#### What is needed:
Quote all entries exactly, leaving pictures aside.

#### Materials provided:
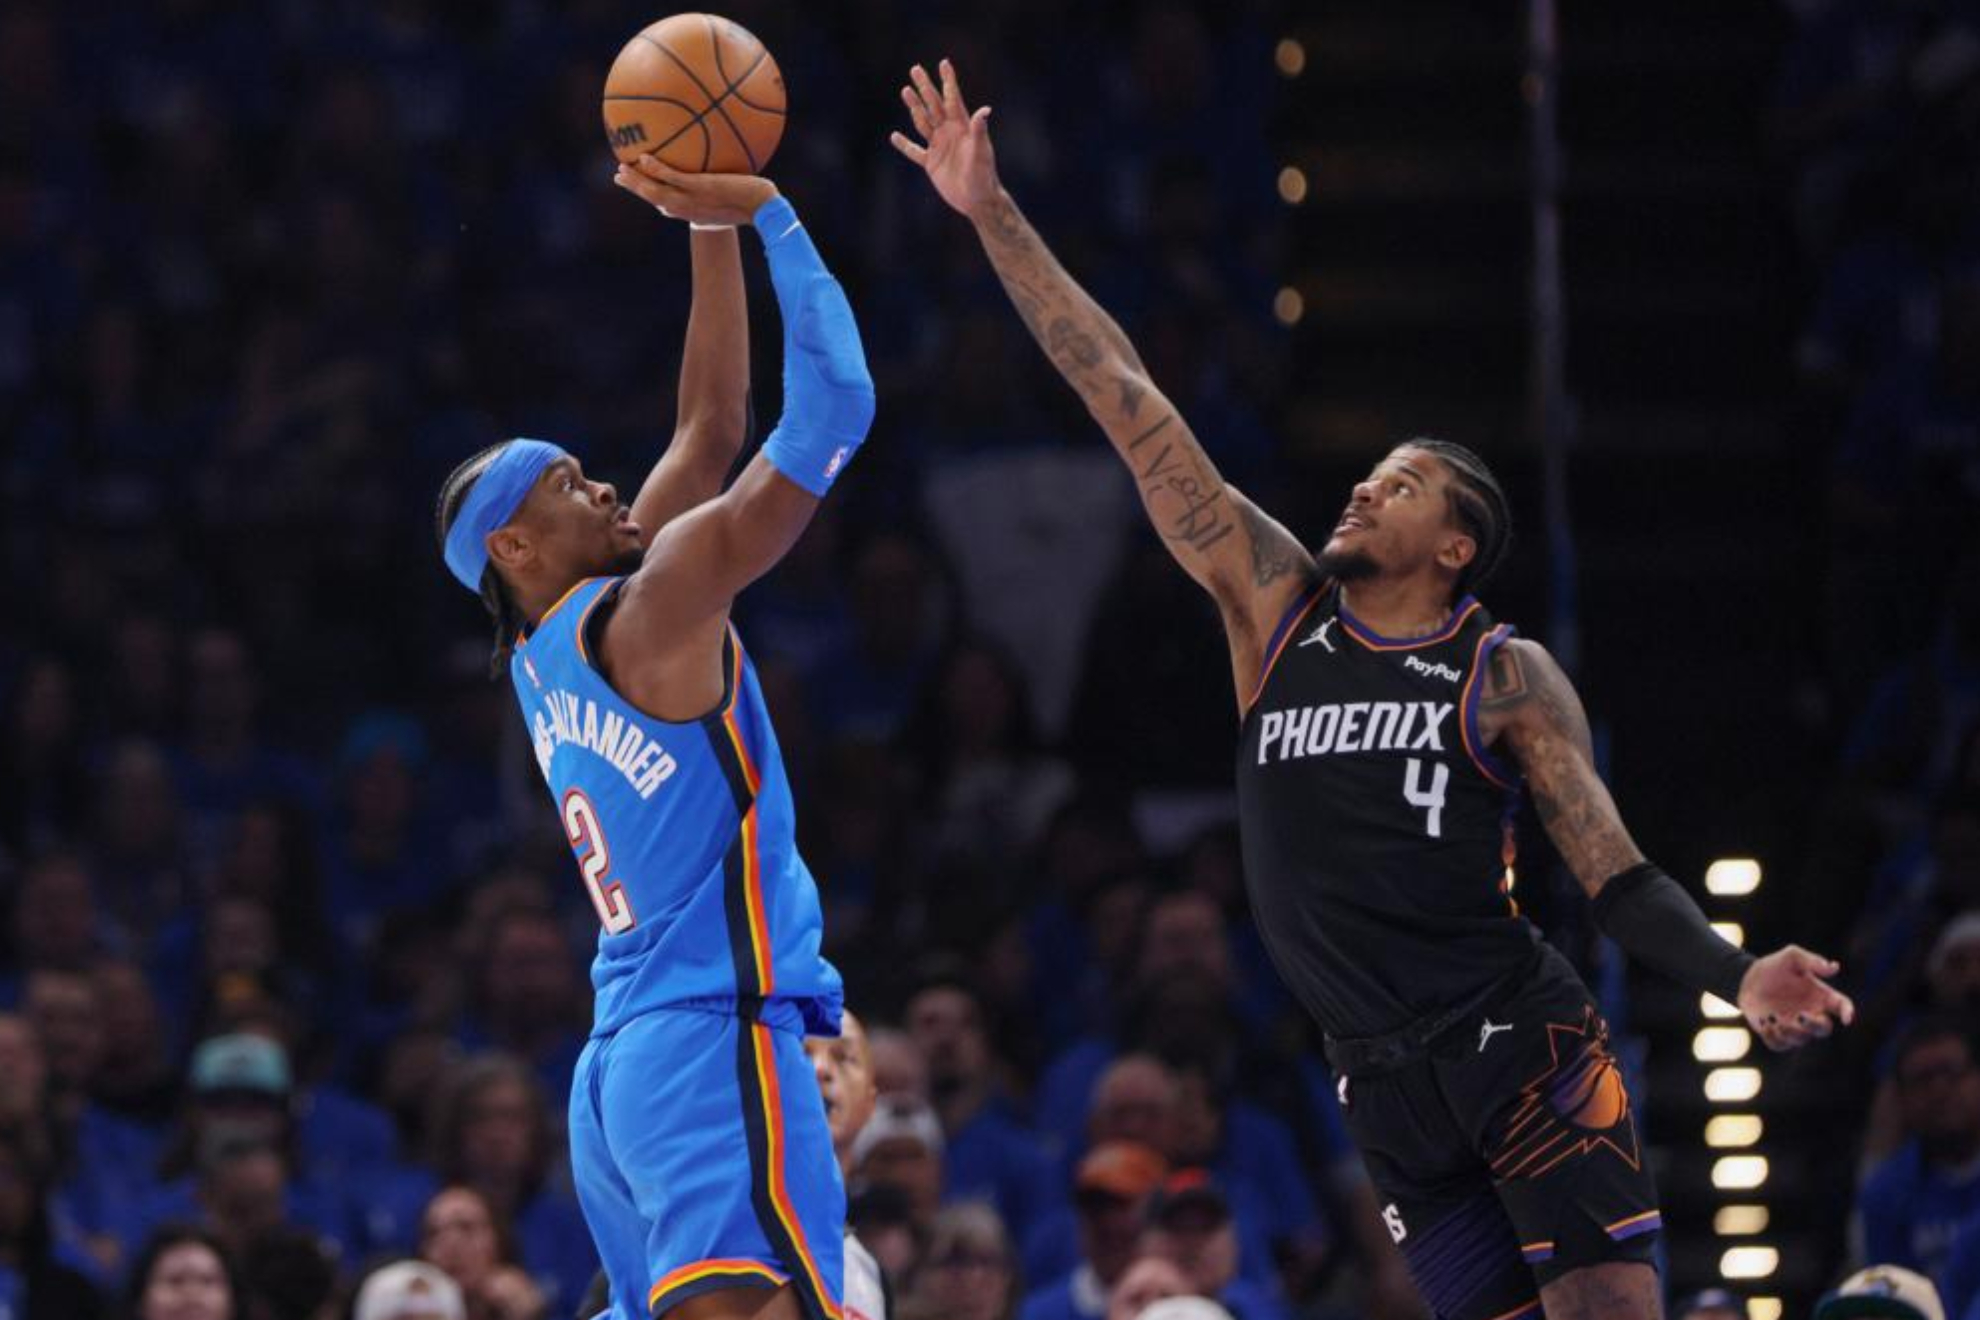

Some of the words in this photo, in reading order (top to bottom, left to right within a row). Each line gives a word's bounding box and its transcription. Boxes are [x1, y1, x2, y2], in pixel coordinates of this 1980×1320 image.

[1404, 655, 1461, 683] PayPal
[1258, 701, 1455, 765] PHOENIX
[1403, 757, 1450, 838] 4
[562, 786, 637, 937] 2

#### Response to this exercise:
Some of the words in this photo, in reading order (top to bottom, left to right within a row). Each line gives a word's bounding box and its transcription. Boxes are [x1, y1, x2, y2], in pixel coordinates of this 1980×1320 image.

[1404, 655, 1461, 683] PayPal
[1258, 701, 1455, 765] PHOENIX
[1403, 757, 1450, 838] 4
[562, 786, 637, 937] 2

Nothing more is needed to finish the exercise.